The answer is all of the entries below, repeated exactly and free of pictures.

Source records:
>>>>
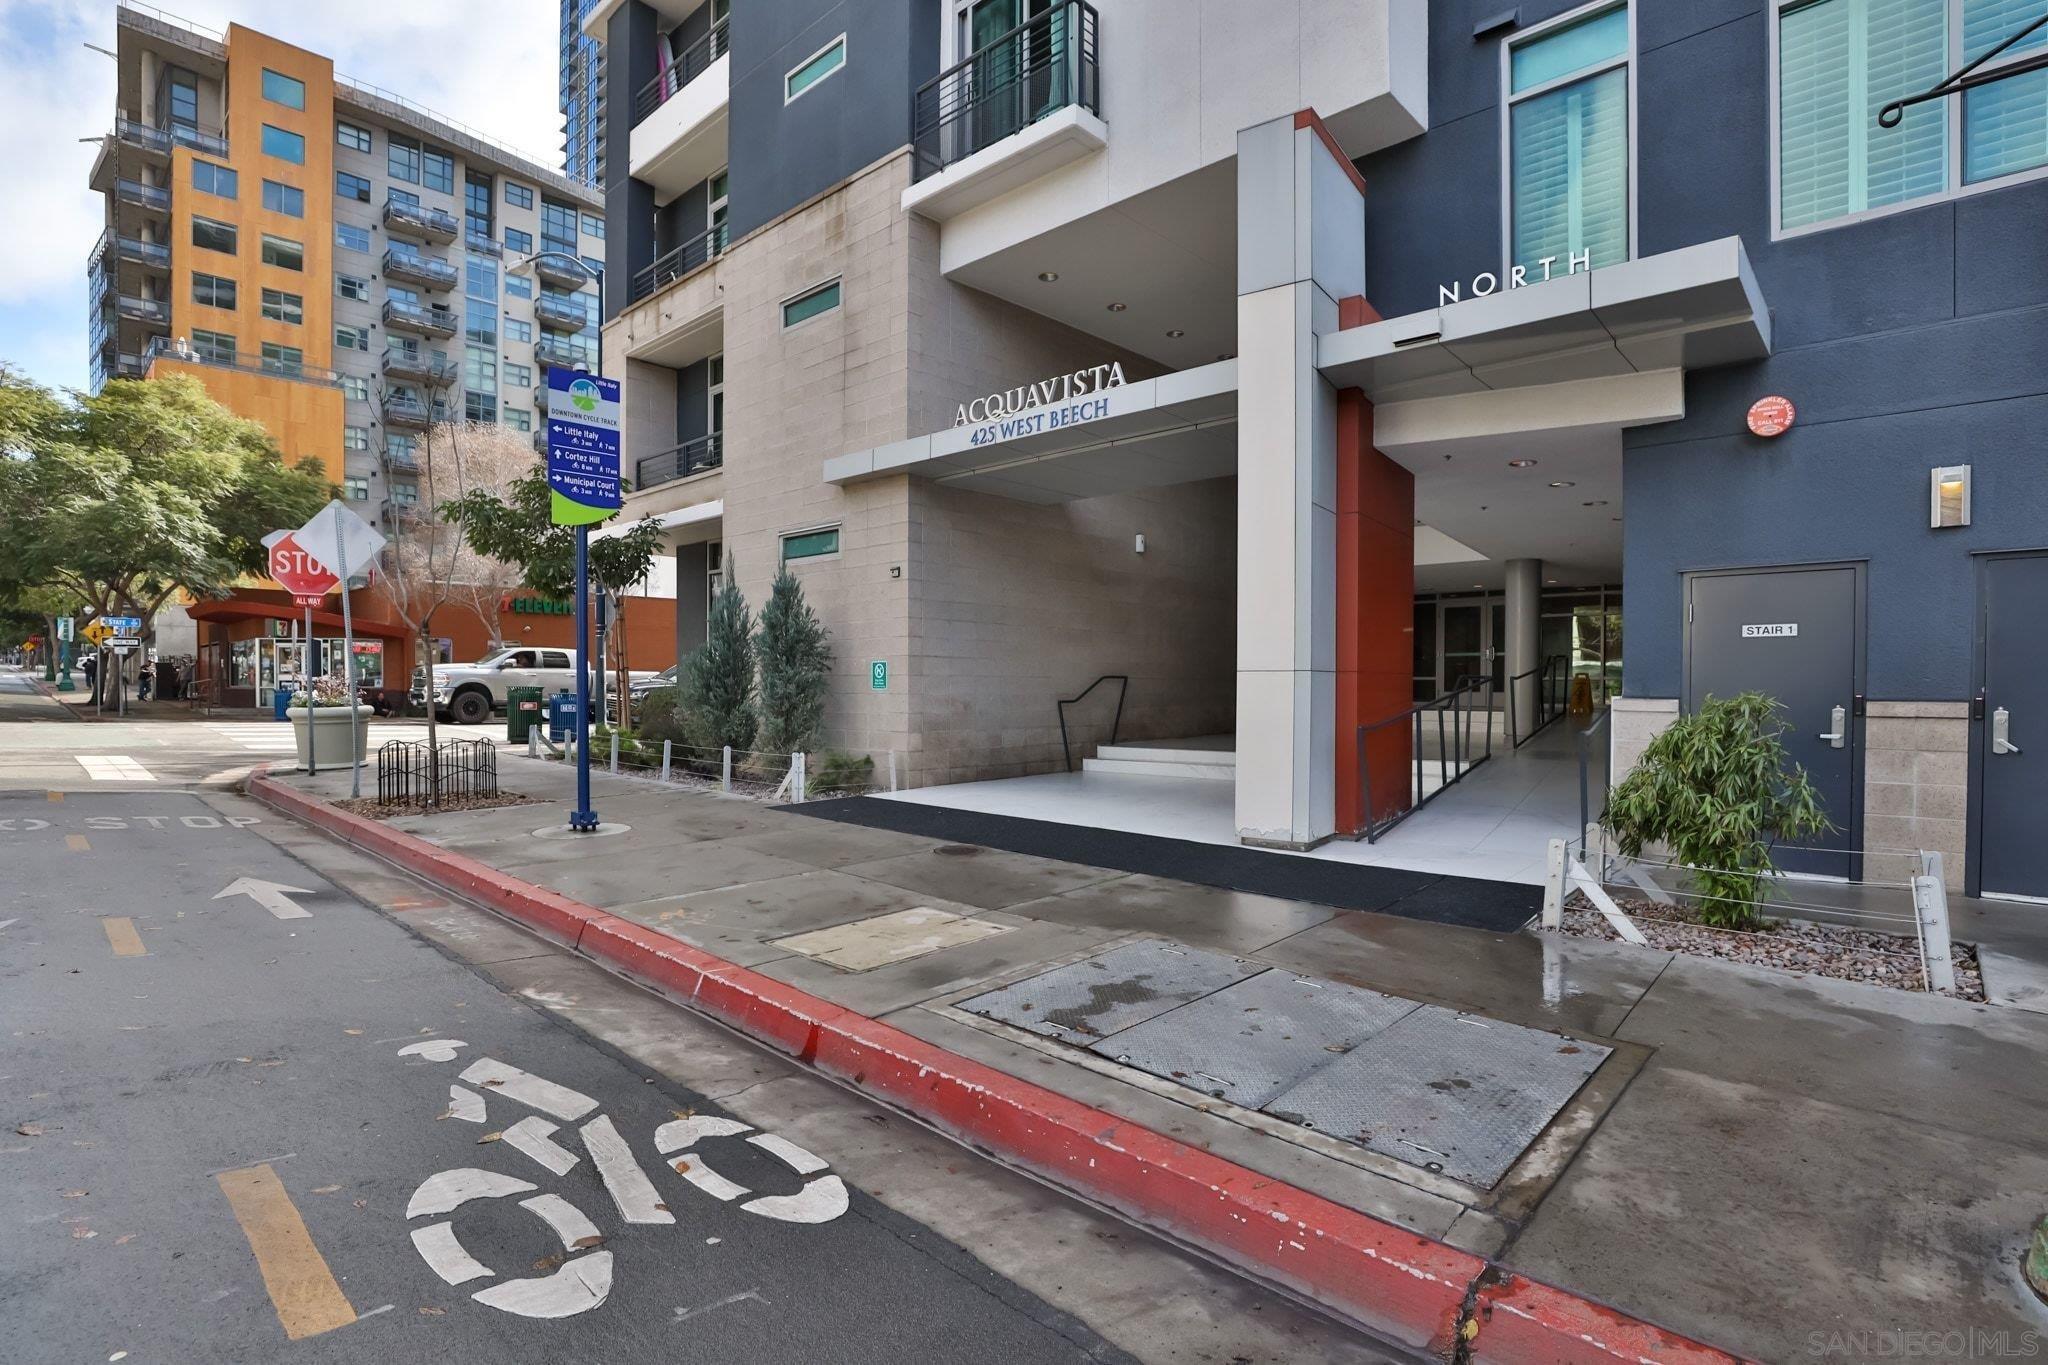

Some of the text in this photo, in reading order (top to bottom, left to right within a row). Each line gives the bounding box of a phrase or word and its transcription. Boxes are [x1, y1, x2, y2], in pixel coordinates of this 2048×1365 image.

[1439, 247, 1591, 307] NORTH
[596, 379, 617, 390] Little Italy
[954, 361, 1128, 428] ACQUAVISTA
[552, 408, 617, 426] DOWNTOWN CYCLE TRACK
[971, 398, 1109, 446] 425 WEST BEECH
[564, 427, 599, 441] Little Italy
[565, 452, 587, 462] Cortez
[564, 476, 615, 490] Municipal Court
[276, 550, 334, 576] STO
[296, 597, 307, 605] ALL
[278, 621, 287, 637] 7
[1746, 625, 1793, 635] STAIR 1
[85, 815, 262, 830] STOP
<<<<
_Answer area:_
Some of the text in this photo, in reading order (top to bottom, left to right within a row). Each line gives the bounding box of a phrase or word and its transcription. Boxes are [x1, y1, x2, y2], in pixel coordinates of this 2048×1365 image.

[1439, 247, 1591, 307] NORTH
[596, 379, 617, 390] Little Italy
[954, 361, 1128, 428] ACQUAVISTA
[552, 408, 617, 426] DOWNTOWN CYCLE TRACK
[971, 398, 1109, 446] 425 WEST BEECH
[564, 427, 599, 441] Little Italy
[565, 452, 587, 462] Cortez
[564, 476, 615, 490] Municipal Court
[276, 550, 334, 576] STO
[296, 597, 307, 605] ALL
[278, 621, 287, 637] 7
[1746, 625, 1793, 635] STAIR 1
[85, 815, 262, 830] STOP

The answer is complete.